Monday, February 08, 2010
Monday morning! I am really tired because I stayed up too late and then did not sleep well. Tonight and tomorrow night are long because I have classes after work. Normally, I would dread the rundown feeling. I love school, but I have reached the burnout stage and am ready to graduate...
However, I have a brighter perspective. It is not the pound plus a smidge that I lost last week, it is not the fact that I can walk just a little farther every day with just a little less pain. Nor is it the fact that my mind is swirling with SparkPeople because I LOVE the site, love the spirit, people and energy. It is also certainly not because my circumstances have changed (they have not).
It is all these things together. I am moving toward something - I want to be the aunt to my nieces and nephews who is involved in their lives and shares in their lives and hope that I can be healthy and long-lived enough to see them grow up! Along the journey, thanks to SparkPeople, I finally am not walking alone! I had not realized what a difference that would make.
I also had not realized that the loose structure coupled with the freedom of SparkPeople would be just the right balance for me. By myself, there's either too much or not enough structure (and no fellowship) and were I to join one of the many weightloss programs out there, it's a one-size-fits all and this-is-the-only-way mentality that makes me balk. I also, quite frankly, cannot afford the money that those programs cost. For some people, these programs (or going solo) are fine, but not for me.
Even the act of blogging is new to me, though I am a lifelong writer. This morning I debated about soy milk or half and half in my coffee while at the cafe. I knew 1% is too light for my taste, but I was not sure which of the other options was the best. Coming back to my computer and adding the half and half to my log was an eye opener. What's different is that I am not berating myself for making a "bad" choice, I am taking this as a coachable moment, a chance to educate myself and to grow from it. A small step, but I find the nutritional information in the world is far too overwhelming so, as with many things, I will learn what I need to as I need to. Then as I use the information, I retain it and build that internal knowledge so that, when I am apart from my tools (computer, label or whatever), I can make intelligent choices.
Knowledge is power and using that knowledge is freeing!
Sunday, February 07, 2010
Today, I weighed in and the scale moved in the right direction! I also decided to measure myself, something I have not done in years. As Dr. Phil famously says and has been used used ad nauseum, "it is what it is." There's no point in attaching any emotion to the numbers. They are a starting point. I'm not even surprised. If I dwelled on it, I'd be embarrassed. That would be the wrong focus - looking back instead of looking forward.
I wish the energy scale had a little more granularity. I feel more energetic than I did, but not enough to raise my rating on the scale. Intertwined with that energy is the attitude adjustment. I feel more positive, even though none of my other circumstances are changed. I have to attribute it to the contribution from the SparkPeople community. This is living proof that "it takes a community."

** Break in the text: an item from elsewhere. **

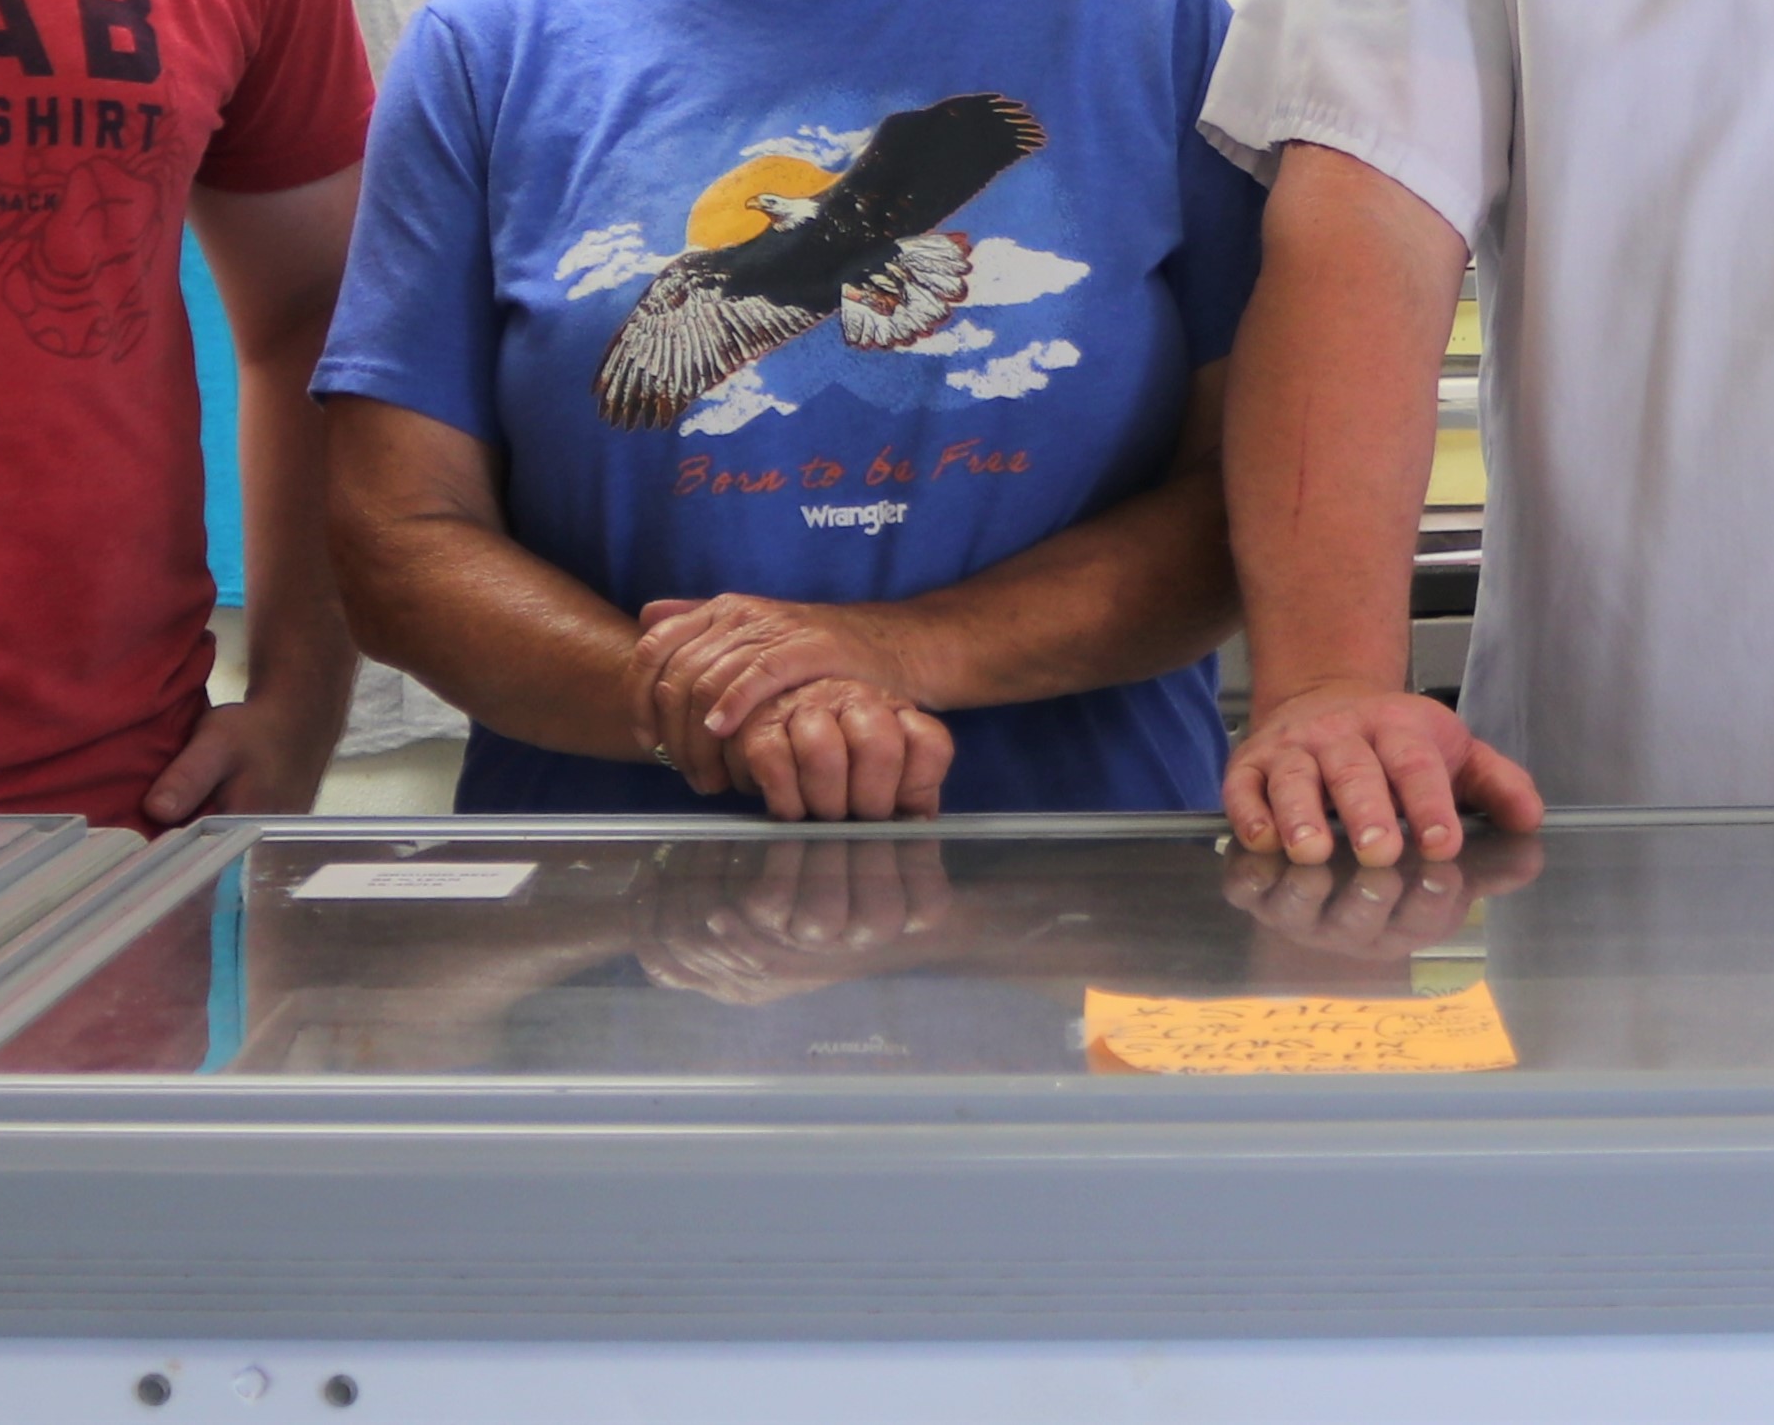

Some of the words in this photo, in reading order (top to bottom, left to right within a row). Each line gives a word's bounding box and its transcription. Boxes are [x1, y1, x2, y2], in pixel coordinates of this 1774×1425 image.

We do not live in a vacuum (or we shouldn't). It is incumbent on me to pay it forward by sharing my story, encouraging others, doing whatever I can to contrivute to the success of others. It does not matter that I am still in the beginning stages of my journey or that I don't know it all - there is still value to be shared!
Go Saints! Go Colts! I can't decide! But I will exercise BEFORE the game1
Saturday, February 06, 2010
I joined SparkPoints on 01/27. but didn't weigh in until a few days later. Very slowly, over the days, I've poked around on the website. I've learned from the articles on the site, from the SparkFriends...The friends and teams have provided encouragement, not always directly, but also by sharing their stories, posting their experiences.
I have been surprised by the consequences of some of my food choices - coachable moments! I know I have a very long way to go with respect to exercise, but the beauty of SparkPeople is that, with the nutrition and fitness tabs, I can't keep putting on blinders.
Tomorrow morning, I will step on the scale. I have no idea what the result will be. I had a few days when I was over calories or over fat (or both). I also had several days of getting the water in. The exercise is still not where it should be, but, at this point,moving at all is progress! Regardless of the number on the scale tomorrow, I won't be elated or disappointed. It is only one metric. More important is the lifestyle change because that is the path to the the end result - a happier, fuller life with (I hope) enough lenghth and quality to see the next generation grow up!
Saturday, January 30, 2010
Last night, poking around on the SparkPeople website, I decided that, today, I was actually going to exercise! Exercise has always been painful, boring and a four letter word that got stretched. But I chose to walk to the corner store and back, wearing my fabulous MBT shoes. I was disappointed that it was only 5 minutes each way. (I did not count the time walking in the store, that was too slow to raise the heart rate!). I know I need to do more, but I did the roundtrip without lower back, hip or leg pain and I think I did manage to get the heart rate up, even if just a notch! It was a positive experience! Imagine that!